Sheinbaum detalló que el ataque cibernético no afectó su teléfono personal, sino un dispositivo que utilizó durante su campaña presidencial de 2024 y que mantenía en contacto con comunidades de Tlalpan. También reveló que su cuenta de correo electrónico alterna fue vulnerada, aunque sin afectar directamente la operatividad del gobierno.

El reporte de The New York Times, firmado por Natalie Kitroeff, señaló que el hackeo ocurrió después de que el gobierno mexicano extraditara a 29 líderes del crimen organizado a EE.UU. a finales de febrero, en medio de disputas diplomáticas entre ambos países por el incremento de aranceles.
El medio estadounidense citó fuentes anónimas cercanas al caso que aseguraron que el teléfono de la mandataria fue intervenido tras la operación.

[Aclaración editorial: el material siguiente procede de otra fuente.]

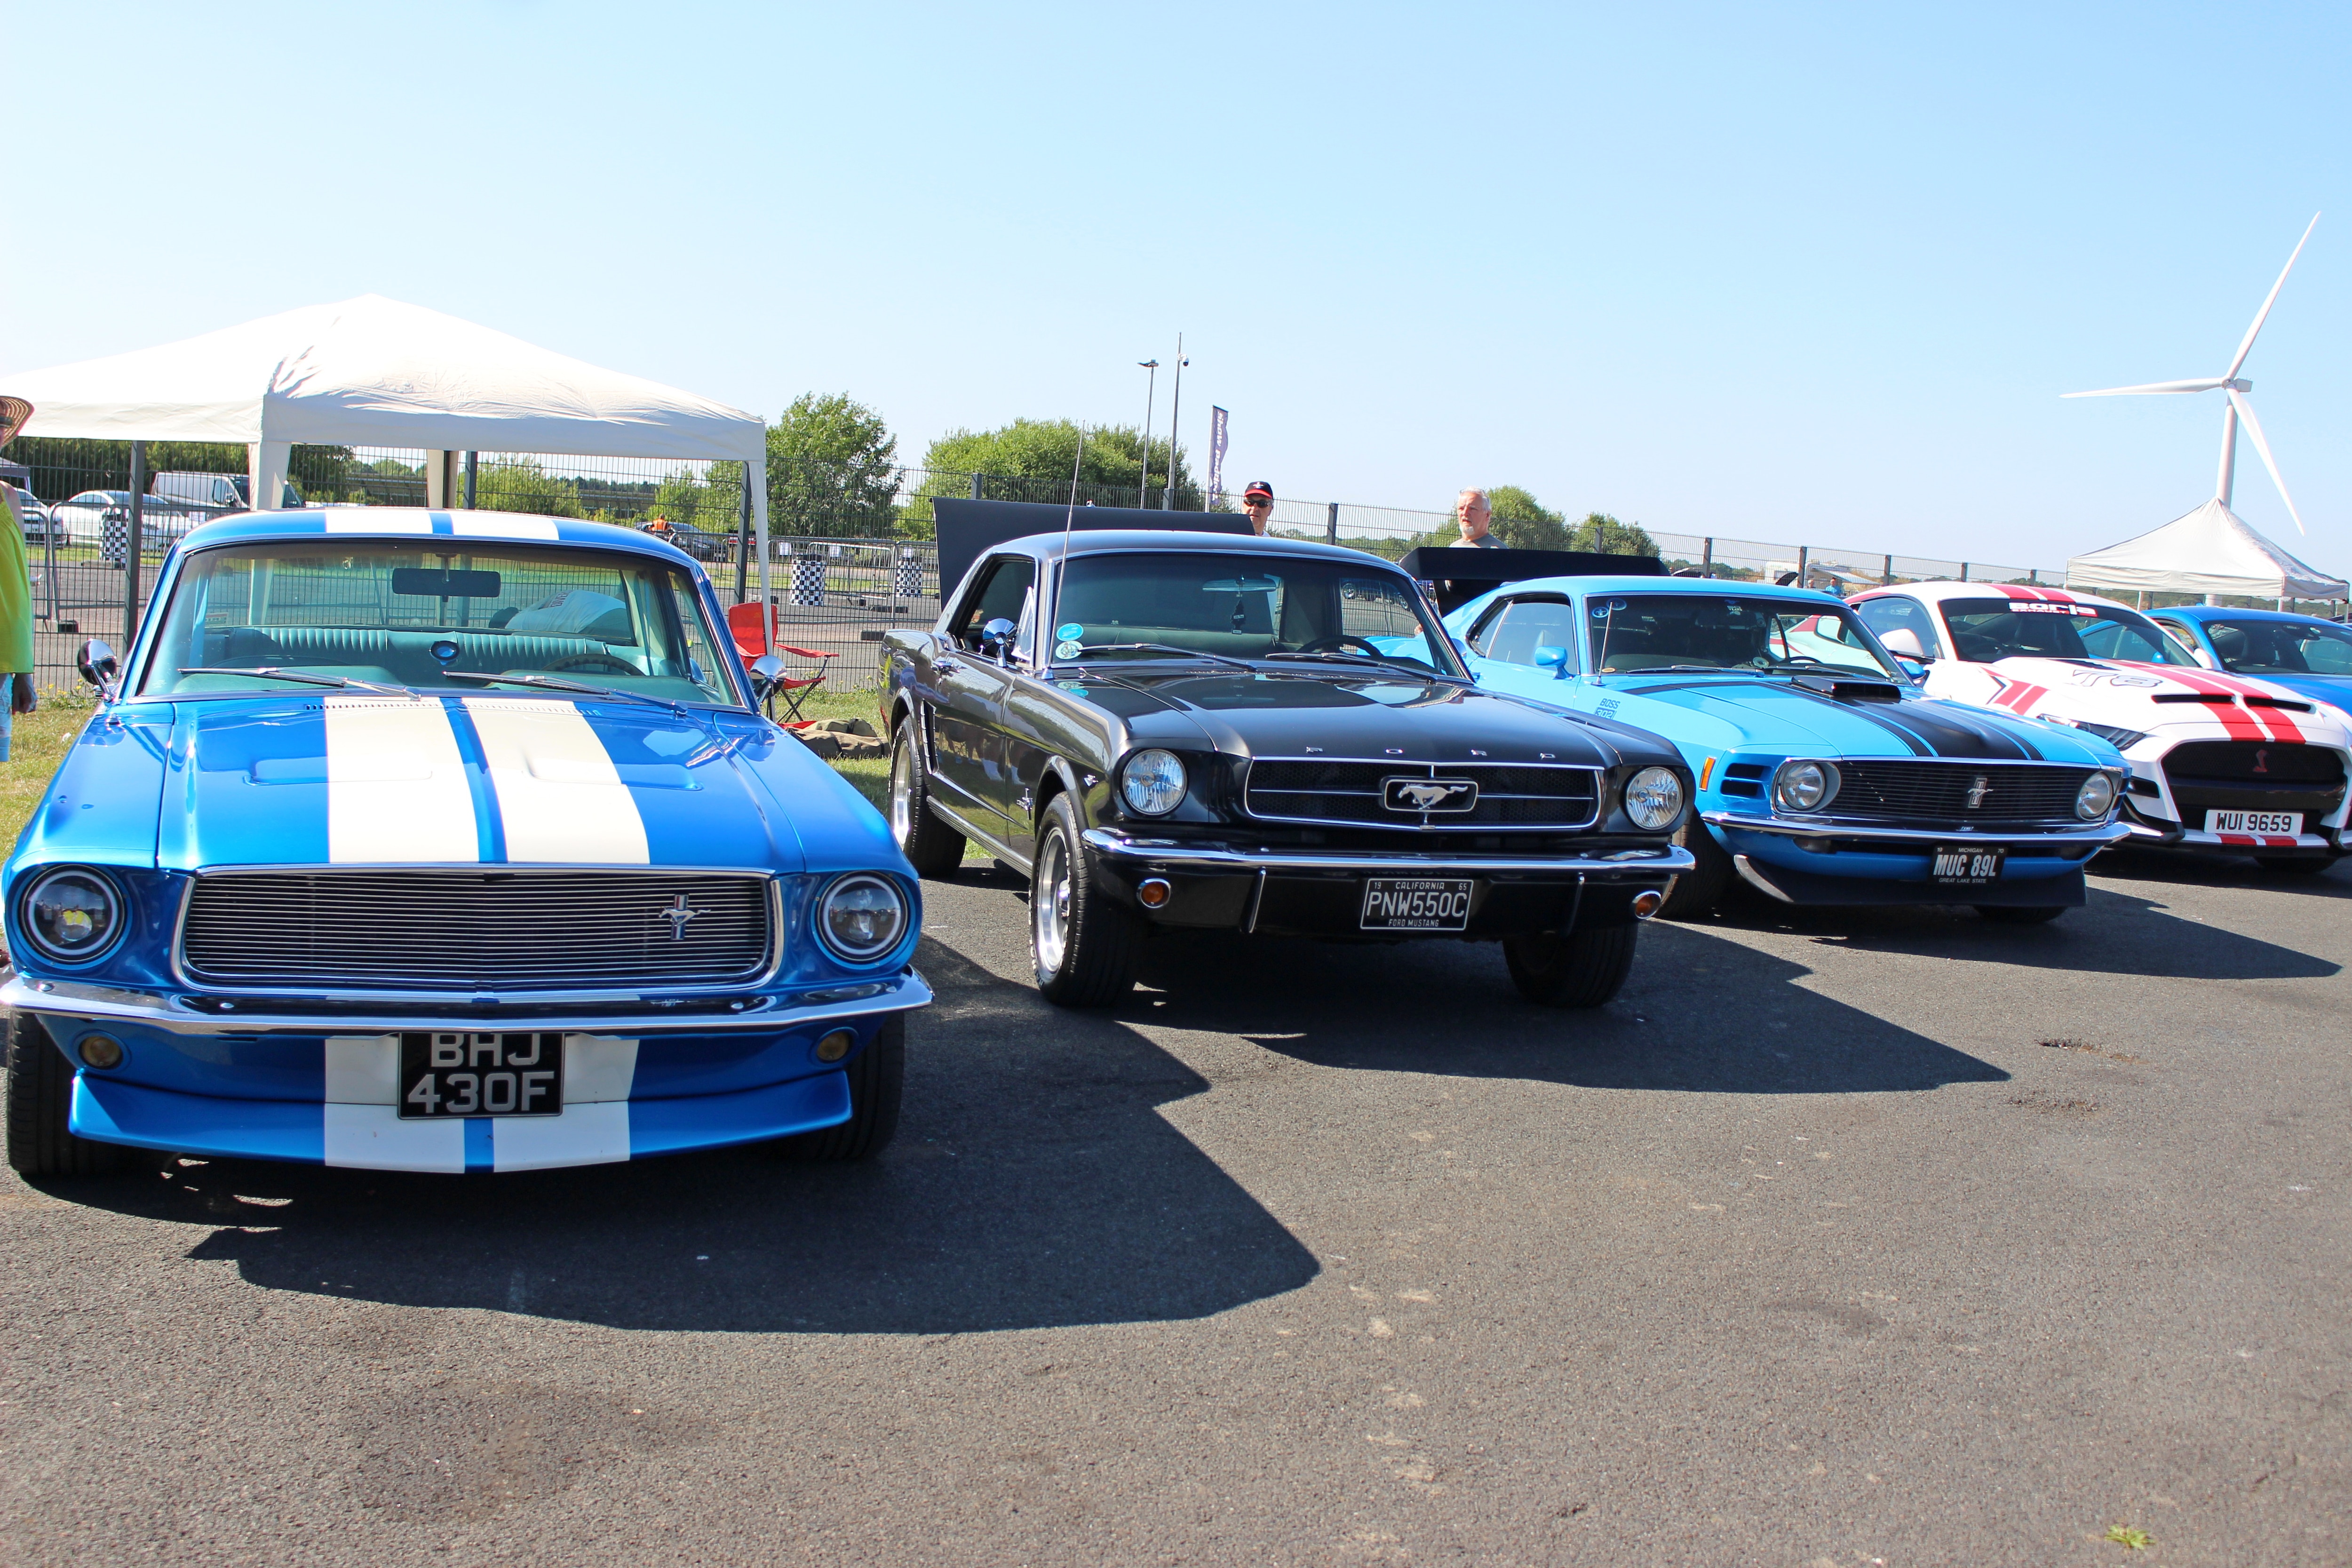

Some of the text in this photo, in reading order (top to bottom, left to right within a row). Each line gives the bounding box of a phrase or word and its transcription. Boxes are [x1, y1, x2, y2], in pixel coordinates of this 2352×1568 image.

[1595, 709, 1613, 719] 302
[1599, 698, 1621, 709] BOSS
[2216, 812, 2292, 832] WUI 9659
[1933, 854, 1997, 877] MUC 89L
[1367, 892, 1467, 917] PNW550C
[430, 1033, 541, 1067] BHJ
[408, 1070, 555, 1114] 430F

Ante ello, Sheinbaum reconoció la veracidad del informe y destacó que fue la Agencia de Transformación Digital de la Presidencia quien detectó la intrusión tras una alerta de Apple.

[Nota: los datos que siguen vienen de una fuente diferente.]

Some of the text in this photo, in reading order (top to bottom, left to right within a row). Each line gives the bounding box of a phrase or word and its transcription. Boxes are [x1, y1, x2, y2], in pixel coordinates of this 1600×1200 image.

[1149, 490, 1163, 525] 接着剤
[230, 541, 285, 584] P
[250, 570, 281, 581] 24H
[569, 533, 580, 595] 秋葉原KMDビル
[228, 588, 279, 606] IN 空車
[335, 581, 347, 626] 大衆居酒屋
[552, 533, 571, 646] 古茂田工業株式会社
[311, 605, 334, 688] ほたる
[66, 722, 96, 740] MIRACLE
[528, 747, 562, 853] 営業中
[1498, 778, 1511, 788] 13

“Sí hackearon mi teléfono y mi cuenta de correo electrónico. No sé quién se lo contó al New York Times, pero Apple llamó de inmediato a la Agencia de Transformación Digital, quienes tomaron cartas en el asunto y lo revisaron”, declaró.
Sheinbaum recordó que el teléfono en cuestión fue un regalo de la gobernadora de Campeche, Layda Sansores, en 2008, cuando aún usaba un celular de recarga.

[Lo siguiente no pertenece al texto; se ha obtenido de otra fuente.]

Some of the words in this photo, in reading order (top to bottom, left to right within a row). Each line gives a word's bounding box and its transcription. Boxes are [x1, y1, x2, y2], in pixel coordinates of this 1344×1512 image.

“Yo trabajaba en la UNAM y compraba crédito para mi teléfono, pero se me acababa y ya no me podían llamar. Layda me dijo: ‘Te voy a regalar este teléfono y yo lo voy a pagar para que no tengas ese problema’”, relató la presidenta.
Este número lo mantuvo incluso después de asumir la Jefatura de Gobierno de la Ciudad de México, convirtiéndose en un canal de comunicación con la ciudadanía. Aunque dejó de usarlo de forma personal, decidió conservarlo por su valor simbólico en su trayectoria política.